* Records excerpted from a collection
________________

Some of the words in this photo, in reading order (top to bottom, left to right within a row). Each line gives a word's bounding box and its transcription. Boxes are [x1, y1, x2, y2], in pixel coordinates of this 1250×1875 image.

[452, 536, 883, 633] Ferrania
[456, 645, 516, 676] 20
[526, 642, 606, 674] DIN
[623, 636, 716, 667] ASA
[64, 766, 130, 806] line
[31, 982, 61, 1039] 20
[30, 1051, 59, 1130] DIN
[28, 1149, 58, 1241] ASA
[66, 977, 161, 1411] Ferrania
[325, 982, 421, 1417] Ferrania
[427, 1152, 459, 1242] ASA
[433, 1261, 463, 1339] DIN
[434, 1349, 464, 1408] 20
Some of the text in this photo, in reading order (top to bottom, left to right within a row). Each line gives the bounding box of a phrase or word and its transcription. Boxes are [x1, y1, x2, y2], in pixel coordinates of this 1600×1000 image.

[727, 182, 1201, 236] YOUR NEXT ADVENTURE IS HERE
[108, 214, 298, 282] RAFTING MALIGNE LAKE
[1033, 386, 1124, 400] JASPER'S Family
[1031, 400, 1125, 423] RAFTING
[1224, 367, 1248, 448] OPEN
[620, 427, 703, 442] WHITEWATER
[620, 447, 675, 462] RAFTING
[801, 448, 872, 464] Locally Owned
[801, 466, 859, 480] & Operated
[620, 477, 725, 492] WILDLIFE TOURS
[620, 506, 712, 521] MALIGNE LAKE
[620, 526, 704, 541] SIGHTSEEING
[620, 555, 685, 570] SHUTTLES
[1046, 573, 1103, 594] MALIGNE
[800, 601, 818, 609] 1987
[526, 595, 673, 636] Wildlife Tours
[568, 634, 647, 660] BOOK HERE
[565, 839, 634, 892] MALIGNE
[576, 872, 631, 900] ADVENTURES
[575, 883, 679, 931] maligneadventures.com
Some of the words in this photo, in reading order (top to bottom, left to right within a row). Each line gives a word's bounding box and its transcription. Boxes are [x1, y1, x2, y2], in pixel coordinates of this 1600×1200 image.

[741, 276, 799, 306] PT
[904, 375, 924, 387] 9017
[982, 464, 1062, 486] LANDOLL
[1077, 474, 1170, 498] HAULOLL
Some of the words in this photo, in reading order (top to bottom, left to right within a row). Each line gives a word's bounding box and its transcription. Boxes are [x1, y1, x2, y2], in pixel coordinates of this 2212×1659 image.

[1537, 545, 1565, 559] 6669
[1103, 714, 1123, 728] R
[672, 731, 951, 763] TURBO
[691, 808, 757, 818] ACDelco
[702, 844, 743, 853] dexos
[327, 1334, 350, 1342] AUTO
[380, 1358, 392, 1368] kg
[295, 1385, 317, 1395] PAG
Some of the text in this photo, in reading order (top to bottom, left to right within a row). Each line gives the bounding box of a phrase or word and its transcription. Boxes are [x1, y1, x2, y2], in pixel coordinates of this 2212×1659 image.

________________

* Exercise
Each record above is to be restated word for word.

* Response to this exercise
Some of the words in this photo, in reading order (top to bottom, left to right within a row). Each line gives a word's bounding box and its transcription. Boxes are [x1, y1, x2, y2], in pixel coordinates of this 1250×1875 image.

[452, 536, 883, 633] Ferrania
[456, 645, 516, 676] 20
[526, 642, 606, 674] DIN
[623, 636, 716, 667] ASA
[64, 766, 130, 806] line
[31, 982, 61, 1039] 20
[30, 1051, 59, 1130] DIN
[28, 1149, 58, 1241] ASA
[66, 977, 161, 1411] Ferrania
[325, 982, 421, 1417] Ferrania
[427, 1152, 459, 1242] ASA
[433, 1261, 463, 1339] DIN
[434, 1349, 464, 1408] 20
Some of the text in this photo, in reading order (top to bottom, left to right within a row). Each line gives the bounding box of a phrase or word and its transcription. Boxes are [x1, y1, x2, y2], in pixel coordinates of this 1600×1000 image.

[727, 182, 1201, 236] YOUR NEXT ADVENTURE IS HERE
[108, 214, 298, 282] RAFTING MALIGNE LAKE
[1033, 386, 1124, 400] JASPER'S Family
[1031, 400, 1125, 423] RAFTING
[1224, 367, 1248, 448] OPEN
[620, 427, 703, 442] WHITEWATER
[620, 447, 675, 462] RAFTING
[801, 448, 872, 464] Locally Owned
[801, 466, 859, 480] & Operated
[620, 477, 725, 492] WILDLIFE TOURS
[620, 506, 712, 521] MALIGNE LAKE
[620, 526, 704, 541] SIGHTSEEING
[620, 555, 685, 570] SHUTTLES
[1046, 573, 1103, 594] MALIGNE
[800, 601, 818, 609] 1987
[526, 595, 673, 636] Wildlife Tours
[568, 634, 647, 660] BOOK HERE
[565, 839, 634, 892] MALIGNE
[576, 872, 631, 900] ADVENTURES
[575, 883, 679, 931] maligneadventures.com
Some of the words in this photo, in reading order (top to bottom, left to right within a row). Each line gives a word's bounding box and its transcription. Boxes are [x1, y1, x2, y2], in pixel coordinates of this 1600×1200 image.

[741, 276, 799, 306] PT
[904, 375, 924, 387] 9017
[982, 464, 1062, 486] LANDOLL
[1077, 474, 1170, 498] HAULOLL
Some of the words in this photo, in reading order (top to bottom, left to right within a row). Each line gives a word's bounding box and its transcription. Boxes are [x1, y1, x2, y2], in pixel coordinates of this 2212×1659 image.

[1537, 545, 1565, 559] 6669
[1103, 714, 1123, 728] R
[672, 731, 951, 763] TURBO
[691, 808, 757, 818] ACDelco
[702, 844, 743, 853] dexos
[327, 1334, 350, 1342] AUTO
[380, 1358, 392, 1368] kg
[295, 1385, 317, 1395] PAG
Some of the text in this photo, in reading order (top to bottom, left to right within a row). Each line gives the bounding box of a phrase or word and its transcription. Boxes are [x1, y1, x2, y2], in pixel coordinates of this 2212×1659 image.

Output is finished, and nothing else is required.